DATA FOR PROCESSING Block Start

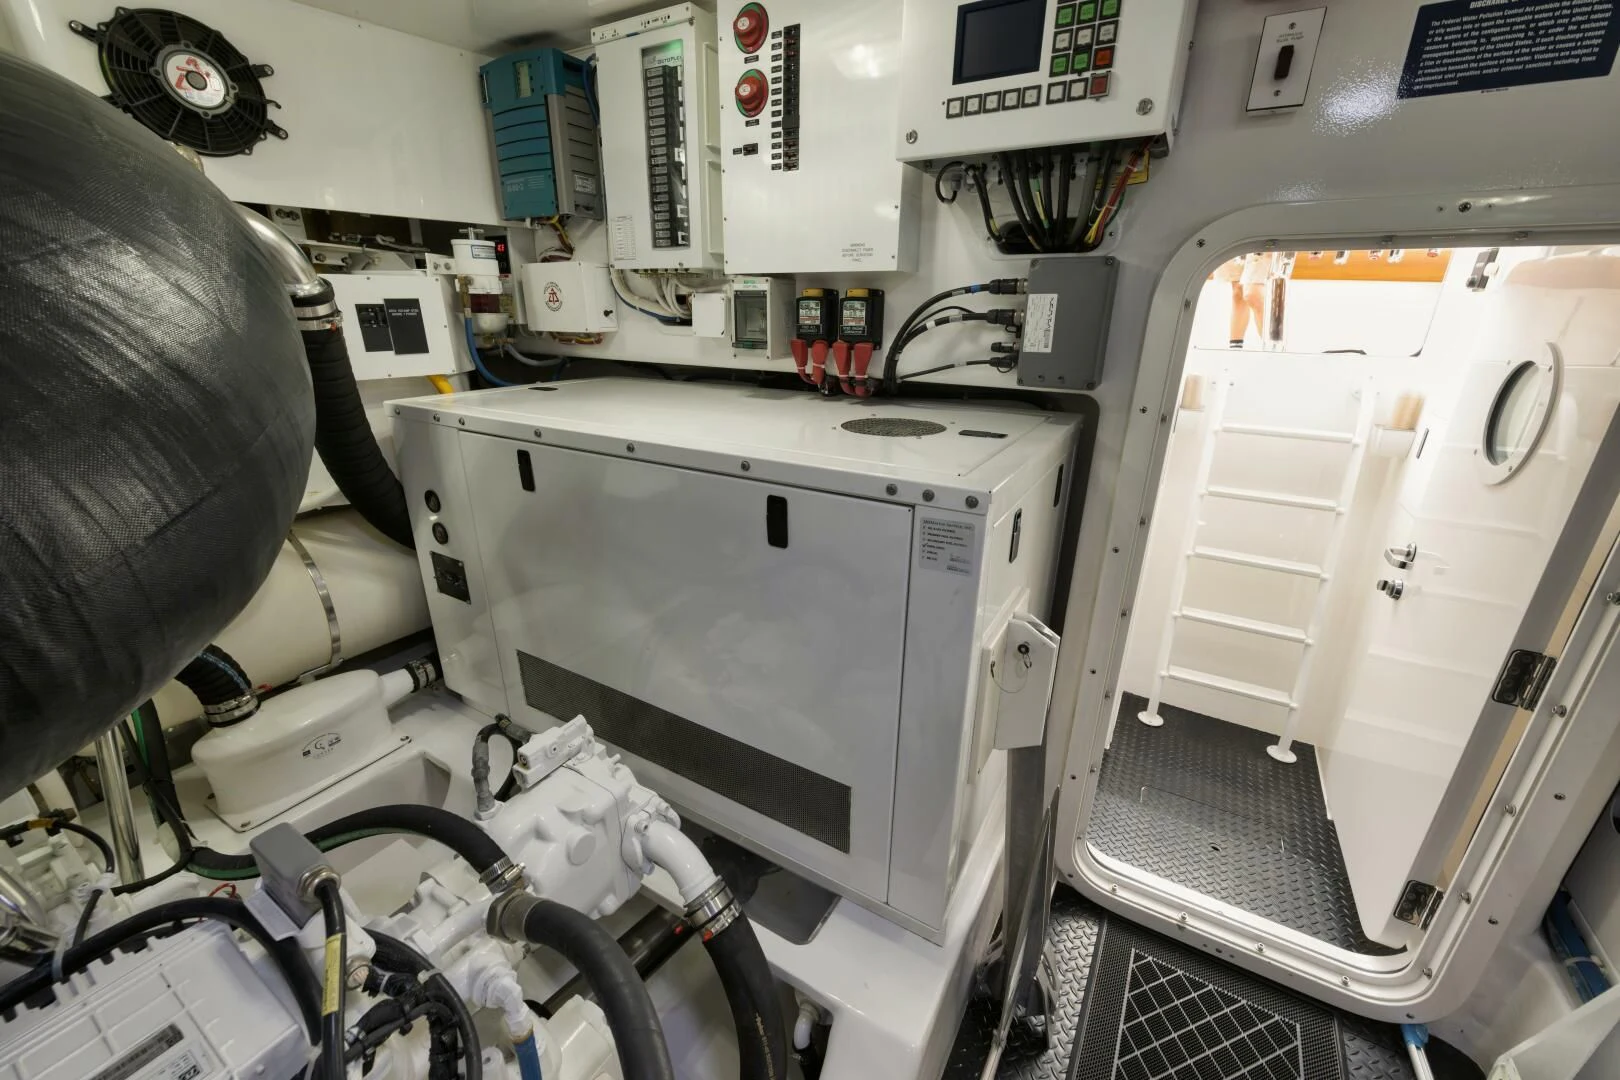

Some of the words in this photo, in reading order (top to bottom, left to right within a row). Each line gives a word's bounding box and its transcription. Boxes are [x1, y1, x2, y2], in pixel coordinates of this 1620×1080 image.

[1479, 11, 1503, 19] Pollution
[1535, 2, 1560, 11] prohibits
[1506, 15, 1532, 23] navigable
[1452, 40, 1477, 48] belonging
[1491, 33, 1525, 42] appertaining
[1580, 21, 1608, 29] exclusive
[1481, 27, 1510, 35] contiguous
[1422, 50, 1454, 59] management
[1456, 47, 1478, 55] authority
[1555, 32, 1584, 40] discharge
[1442, 56, 1476, 64] discoloration
[1501, 64, 1523, 72] criminal
[1525, 61, 1552, 69] sanctions

DATA FOR PROCESSING Block End

PROMPT>
Return each entry exactly as it stands above, apart from any images.

RESPONSE TO THIS EXERCISE>
Some of the words in this photo, in reading order (top to bottom, left to right within a row). Each line gives a word's bounding box and its transcription. Boxes are [x1, y1, x2, y2], in pixel coordinates of this 1620×1080 image.

[1479, 11, 1503, 19] Pollution
[1535, 2, 1560, 11] prohibits
[1506, 15, 1532, 23] navigable
[1452, 40, 1477, 48] belonging
[1491, 33, 1525, 42] appertaining
[1580, 21, 1608, 29] exclusive
[1481, 27, 1510, 35] contiguous
[1422, 50, 1454, 59] management
[1456, 47, 1478, 55] authority
[1555, 32, 1584, 40] discharge
[1442, 56, 1476, 64] discoloration
[1501, 64, 1523, 72] criminal
[1525, 61, 1552, 69] sanctions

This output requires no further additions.